If you want your business to succeed in the coming decade (and who doesn’t?), you need to pay attention to big data, machine learning, and artificial intelligence (AI). Your very existence may depend on it.
Reason #1: AI is not science fiction. It’s a business disruptor.
For many, the term “artificial intelligence” conjures up images of robots stealing jobs from human workers, self-driving cars, and super computers taking over the world. However, in today’s environment (and specifically as it relates to your business), it’s much more about harnessing the power of big data and using machine learning to analyze that data for unseen insights and perform forecasts using a myriad of possible business scenarios and ever-changing factors.
So, what exactly are we talking about, then? With the precision analysis and forecasting that machine learning and AI can provide, you can make better business decisions. No more blindly stabbing in the dark, guessing which maneuvers will improve your bottom line.
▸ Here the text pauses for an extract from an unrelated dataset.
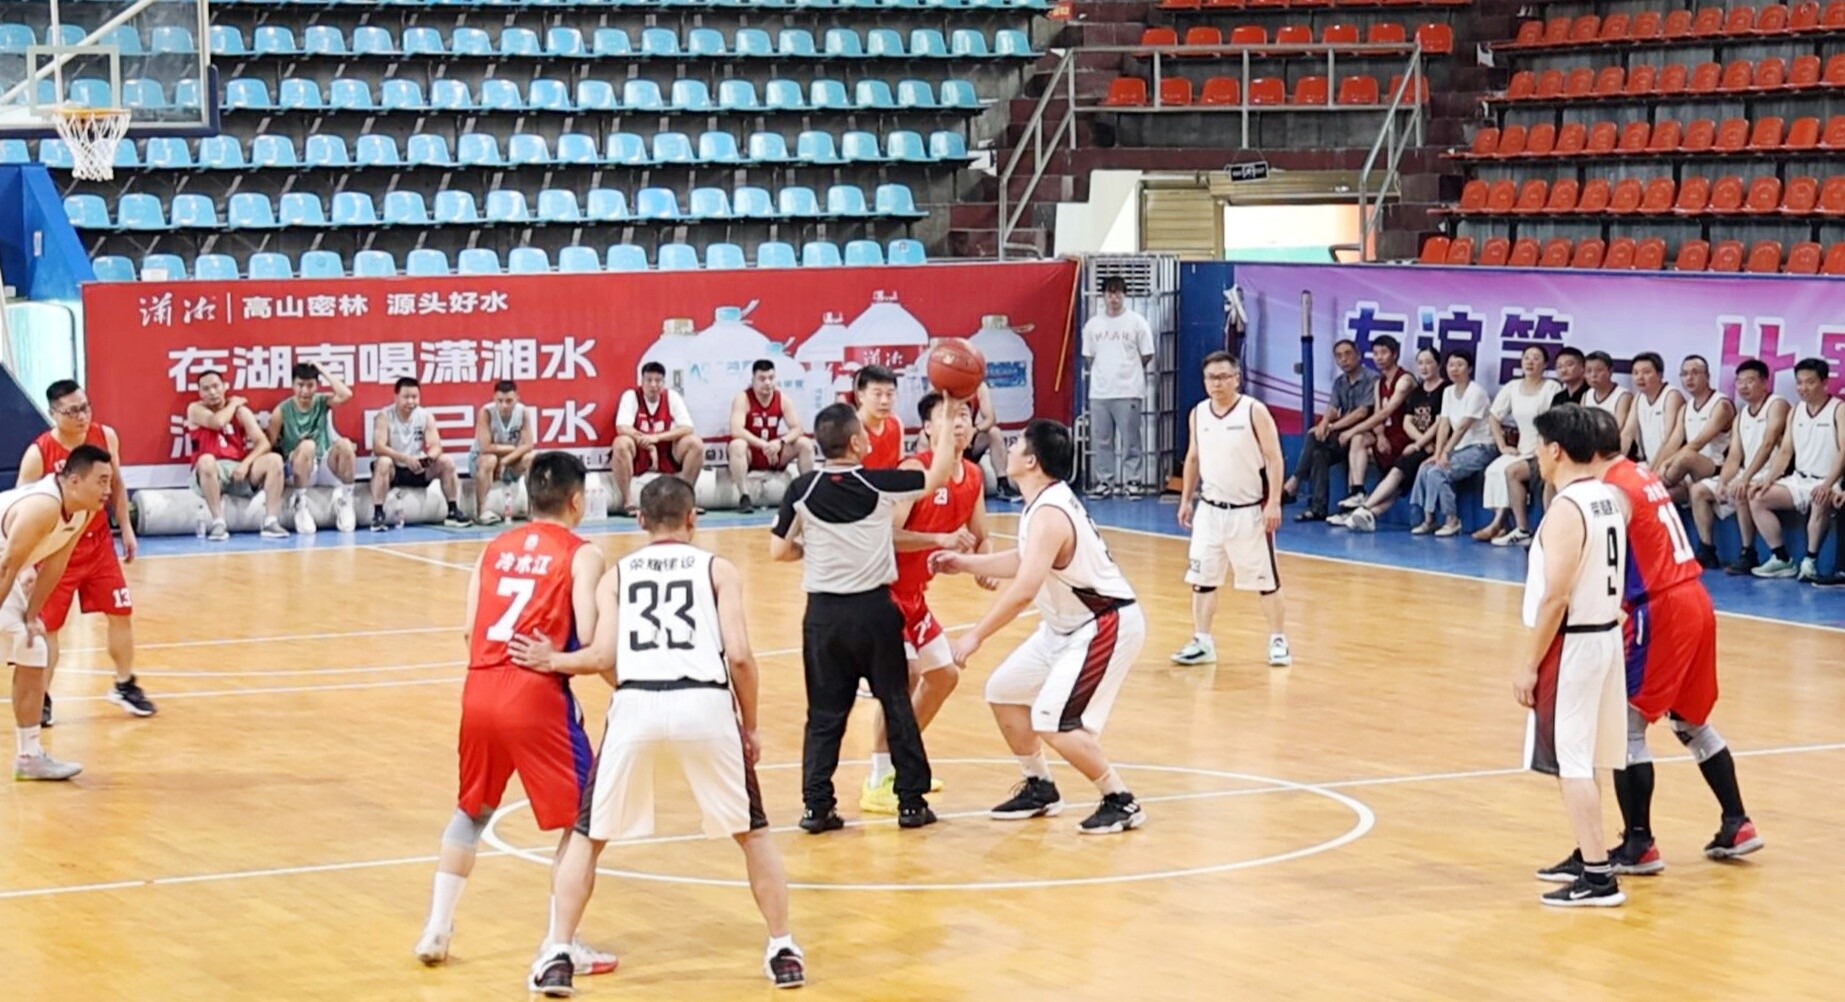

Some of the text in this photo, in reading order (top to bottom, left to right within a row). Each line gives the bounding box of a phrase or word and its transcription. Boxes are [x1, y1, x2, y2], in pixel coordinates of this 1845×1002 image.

AI is a game changer in today’s business environment, and if you want to play the game you need to get on the field.
Reason #2: AI is not on the way… it’s already here!
If you think AI is a mirage on some future horizon, think again. A study by Gartner reveals that 37% of businesses today have adopted AI – that’s a 270% increase over just four years ago, and every indication points to continued and exponential growth of AI.
With the implementation of AI on the rise your competitors will be looking to get on the bandwagon, if they aren’t already. You don’t want to be left in the dust!
Reason #3: AI will be the next General Purpose Technology (GPT).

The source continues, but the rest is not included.